Call me Schmidt.
I have been going to the zoo my entire life. I have seen lions and tigers and bears. I have seen special exhibits of pandas and koalas. I have pushed through crowds to see a new gorilla exhibit. I have stood in the freezing cold to watch a special evening feeding of sea lions.
But nothing compares to seeing a whale.
I have been to the circus on numerous occasions. I have seen animals paraded around the ring, where I have seen them do tricks. I have sat in my seat and been in awe of the animals below.
But nothing compares to seeing a whale.
Now some of you reading this may have in fact seen a whale. Sea World is still open to the public, and whales can be seen for a little while longer in this environment. But you know that it is not the same, you know that a mammal that large cannot properly be housed in a concrete pool. You know that the whale is not truly at home in San Diego.
Nothing compares to seeing a whale.
I would venture to guess that most people have not seen a whale, and yet it is one of the most popular animals on the planet. While we have all seen video or postcards about whales, there is still an element of mystery to them because they are not kept at local zoos or aquariums. You can only see a whale in a couple of places, and none of those places are local for most people.
Which may explain what happened.
I just returned from an Alaskan cruise. It was amazing. The glaciers, the bald eagles, the mountains, the seeming untouched splendor of so much of the terrain.
But to be honest, if you have seen one glacier, you have seen them all. Bald eagles are cool, but you can see those in many national parks. Mountains and trees are neat, but when you get home and look at your pictures, can you tell them apart?
But the whale is different; nothing compares.
I’ll start on the cruise ship. We were resting about mid-morning, waiting for the next activity to begin, when all of a sudden we heard a man screaming, it sounded like a cry for help. We rushed onto the deck, and discovered that he was instead screaming ‘whale!’ There was a whale off in the distance, visible by his spray into the air.
On another occasion, we were again in our cabin, when there was an announcement over the loud speaker that there were whales spotted off the port side of the ship.
Then there was of course our excursion in Juneau, where we cruised around a bay and saw about a dozen whales. And while one would think you would get tired after 2 hours in a bumpy boat seeing whales, we all would have stayed out there another hour just for the chance to see one more.
And finally, while at dinner one night on the ship, with a window view, we saw whales once more.
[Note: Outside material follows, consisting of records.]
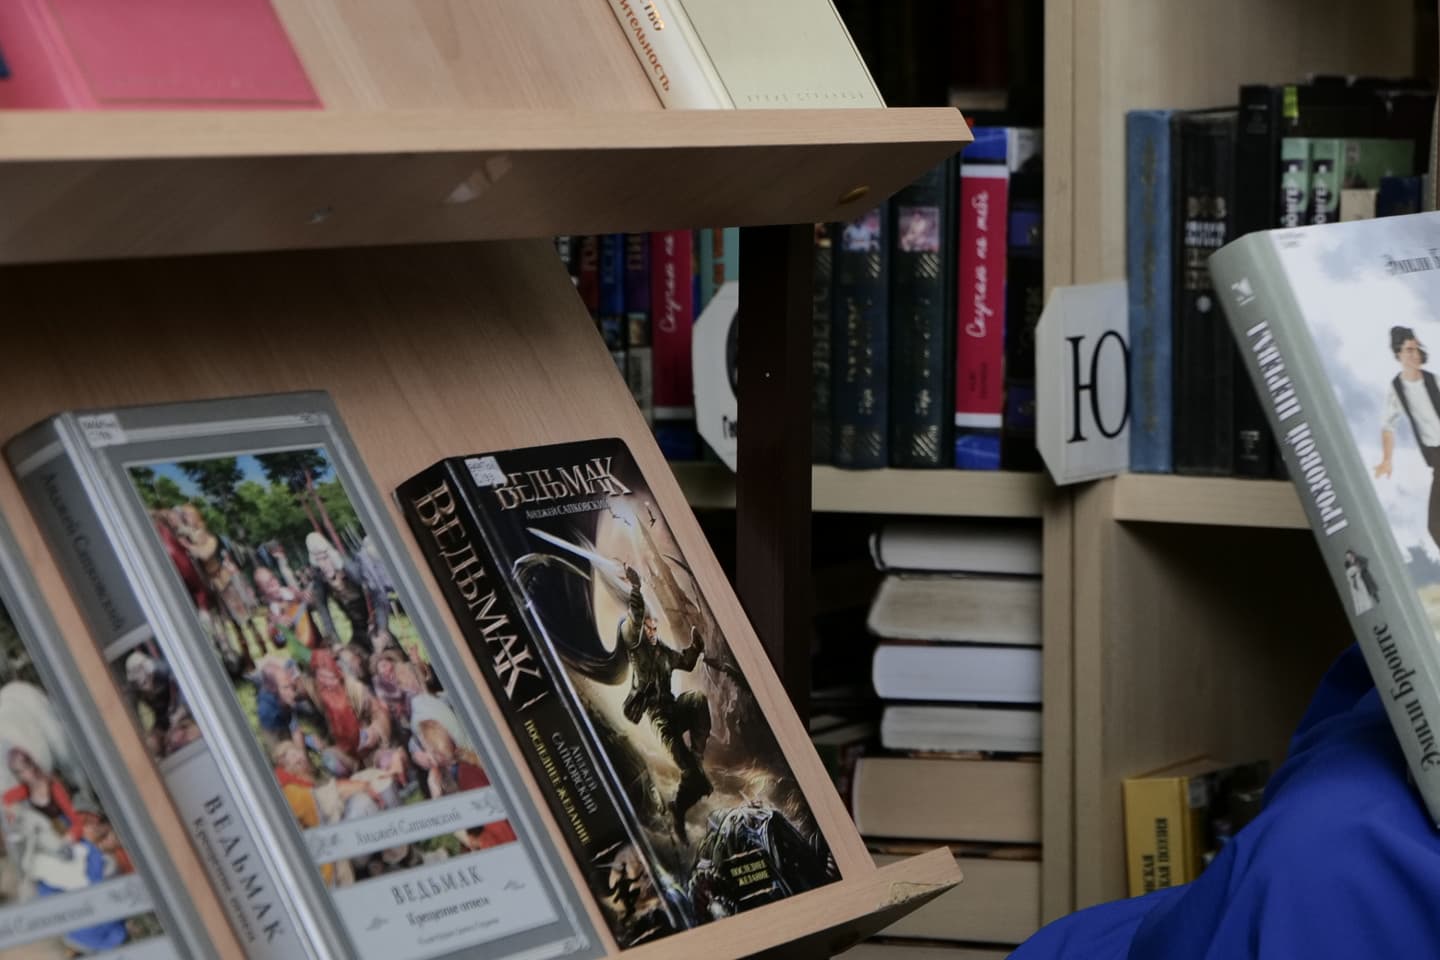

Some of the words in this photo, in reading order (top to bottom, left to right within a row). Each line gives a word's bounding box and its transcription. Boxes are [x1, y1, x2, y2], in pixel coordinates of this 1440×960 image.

[970, 190, 989, 231] тебе
[975, 236, 988, 259] по
[658, 262, 683, 334] Скучаю
[964, 265, 994, 338] Скучаю
[1066, 330, 1131, 443] Ю
[1246, 320, 1305, 423] ПЕРЕВАЛ
[495, 456, 633, 510] ВЕДЬМАК
[557, 498, 611, 515] САПКОВСКИЙ
[1285, 423, 1350, 538] ГРОЗОВОЙ
[413, 480, 541, 700] ВЕДЬМАК
[1373, 621, 1420, 701] Бронте
[523, 719, 561, 787] ПОСЛЕДНЕЕ
[556, 786, 590, 846] ЖЕЛАНИЕ
[552, 731, 598, 815] САПКОВСКИЙ
[570, 745, 598, 792] АНДЖЕЙ
[399, 809, 463, 835] Сапковский
[391, 864, 485, 906] ВЕДЬМАК
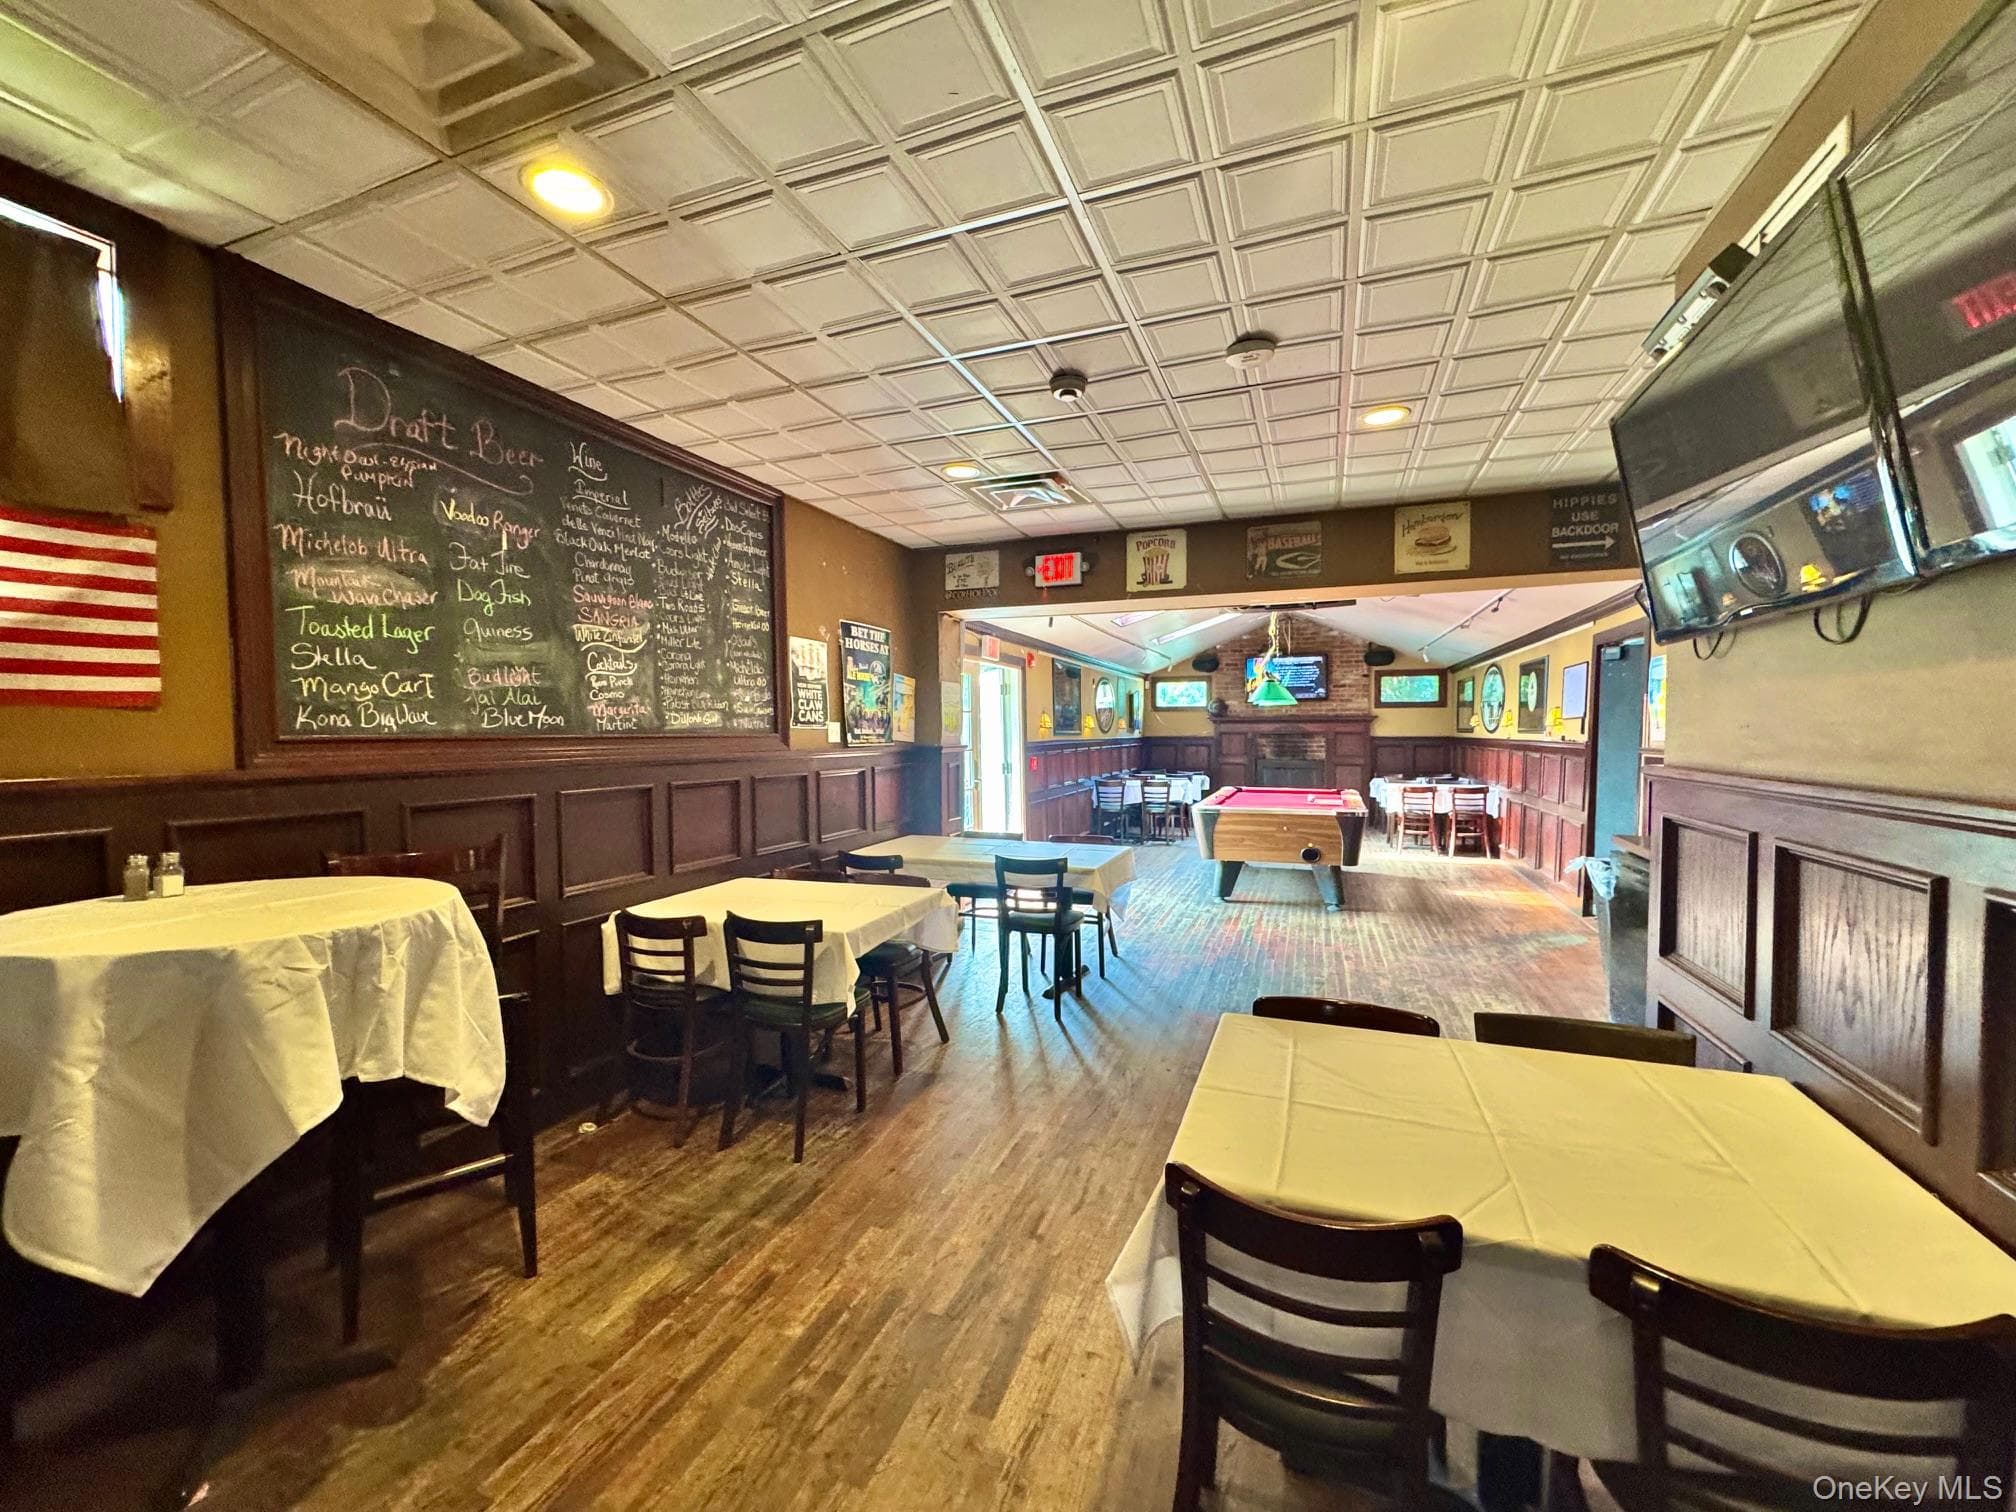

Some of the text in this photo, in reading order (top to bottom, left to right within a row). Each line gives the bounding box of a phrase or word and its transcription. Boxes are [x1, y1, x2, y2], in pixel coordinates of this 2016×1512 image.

[335, 367, 544, 466] Draft Beer
[273, 432, 340, 465] Night
[569, 441, 603, 472] Wine
[340, 464, 414, 492] Pumpkin
[1553, 493, 1617, 509] HIPPIES
[440, 498, 541, 550] Voodoo Ranger
[1571, 511, 1599, 522] USE
[1552, 522, 1619, 538] BACKDOOR
[273, 523, 430, 566] Michelob Ultra
[448, 541, 531, 578] Fat Tire
[458, 578, 531, 617] Dog Fish
[285, 605, 435, 655] Toasted Lager
[850, 625, 886, 643] BET THE
[291, 642, 377, 670] Stella
[844, 637, 890, 656] HORSES AT
[587, 651, 634, 673] Cocktails
[291, 676, 379, 702] Mango
[589, 689, 625, 700] Cosmo
[797, 688, 823, 700] WHITE
[296, 704, 351, 730] Kona
[358, 701, 395, 733] Big
[481, 704, 564, 730] Blue Moon
[798, 698, 824, 711] CLAW
[798, 709, 825, 723] CANS
While for us it was quite different after seeing so many up close in the bay, the waiters and staff, who you would think this would be a regular occurrence, were each pressed against the window, trying to catch a glimpse of the elusive whale.
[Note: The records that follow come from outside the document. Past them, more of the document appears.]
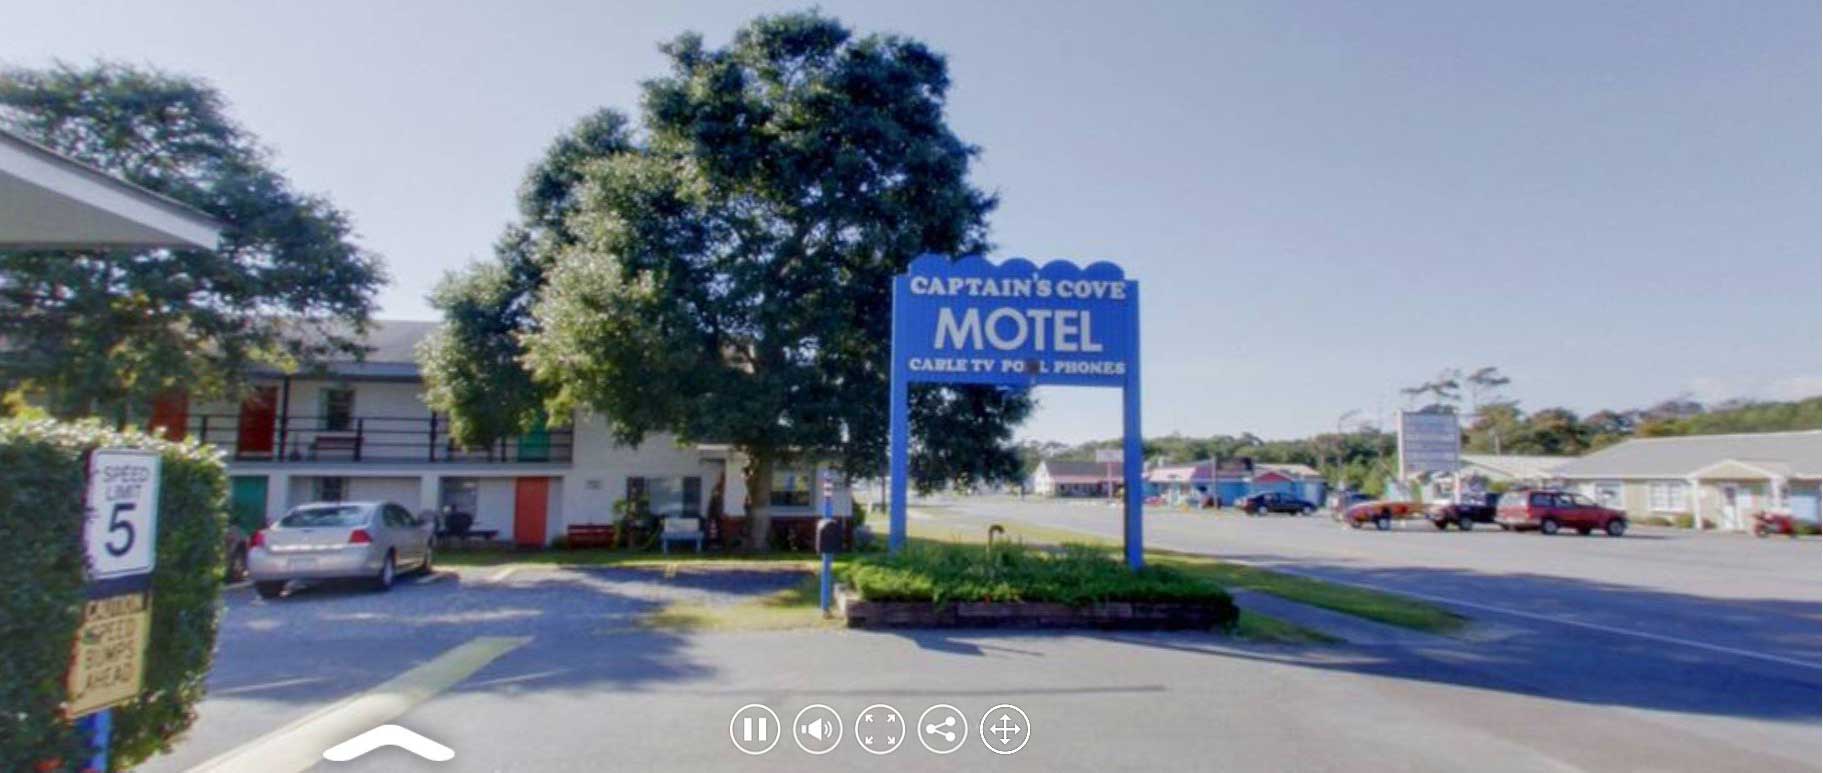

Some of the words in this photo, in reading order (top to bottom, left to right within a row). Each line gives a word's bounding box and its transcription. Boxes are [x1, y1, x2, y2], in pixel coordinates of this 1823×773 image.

[910, 272, 1052, 298] CAPTAIN'S
[1056, 279, 1126, 299] COVE
[933, 306, 1103, 352] MOTEL
[909, 357, 967, 372] CABLE
[971, 358, 995, 372] TV
[1001, 359, 1049, 373] POL
[1053, 361, 1126, 375] PHONES
[103, 465, 150, 483] SPEED
[105, 484, 143, 500] LIMIT
[104, 502, 137, 558] 5
[86, 661, 133, 689] AHEAD
Each time a whale was seen, there was an instant buzz throughout the boat that nothing else could generate; not a bear on the beach we were passing by, not a glacier, not even big money at Bingo. You can find those things elsewhere, you can see them and do them any day of the week.
But a whale? Now you’re talking. Now you have captured the attention of the youth who are bored of eating and playing in the pool. Now you have drawn the eyes of the couple on their 4th Alaskan cruise. Now you have the undivided focus of the newlywed couple that is overwhelmed by everything around them.
Perhaps it is a result of the near extinction of whales; maybe it has more to do with the lack of whales in zoos and aquariums. But I would like to think it is the notion, that the whale is that one remaining creature on earth that, created by God, still mesmerizes us because we cannot contain it, we cannot hold it, we can only hope to catch a glimpse of it as we pass by in a few remote places.